A critical vulnerability was identified in Wi-Fi Protected Access II (WPA2) protocol. This protocol is used for data encryption in the majority of wireless Internet connections. The vulnerability allows malefactors to track the traffic between laptops, tablets, smartphones and other mobile devices and the access point.

The vulnerability got a code name KRACK (Key Reinstallation Attack). It was detected during a closed investigation a few weeks ago. The results were published the morning after. The protocol uses 4-way “handshake” to establish the encryption, during the third step the encryption key can be detected and reused multiple times. The malefactor will be able to decrypt and intercept your data, as well as insert desirable HTTP content (for example, they can send you a fake login page to intercept your login details).

Few big participants in this industry as Ubiquity and Aruba have released patches for their devices.
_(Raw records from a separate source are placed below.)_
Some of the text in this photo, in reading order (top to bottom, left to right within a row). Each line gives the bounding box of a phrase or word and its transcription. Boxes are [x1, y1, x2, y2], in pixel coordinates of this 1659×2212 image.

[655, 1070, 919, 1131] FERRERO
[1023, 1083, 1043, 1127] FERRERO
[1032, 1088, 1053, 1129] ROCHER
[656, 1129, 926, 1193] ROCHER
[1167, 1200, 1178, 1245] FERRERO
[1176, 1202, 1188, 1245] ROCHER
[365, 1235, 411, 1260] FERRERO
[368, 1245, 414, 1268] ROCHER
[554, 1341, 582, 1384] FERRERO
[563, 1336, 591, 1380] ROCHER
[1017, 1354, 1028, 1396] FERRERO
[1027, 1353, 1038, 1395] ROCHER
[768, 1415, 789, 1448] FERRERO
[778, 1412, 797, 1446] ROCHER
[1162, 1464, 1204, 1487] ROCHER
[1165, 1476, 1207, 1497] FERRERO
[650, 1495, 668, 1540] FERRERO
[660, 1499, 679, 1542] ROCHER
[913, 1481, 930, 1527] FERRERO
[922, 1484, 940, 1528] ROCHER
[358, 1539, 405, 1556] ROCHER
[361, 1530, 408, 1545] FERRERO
However, the leading majority still stay defenceless. Moreover, even if the manufacturer releases the patch it is up to the user to patch the equipment. So you can expect that a lot of communal areas, hotels, pubs, libraries, etc. won’t get any updates for a while.

Those people who are concerned with the privacy of their data should avoid connecting to any public Internet access points, or a the very least use additional encryption such as HTTPS or VPN. If you are a business in London refer to your IT support to patch the access points.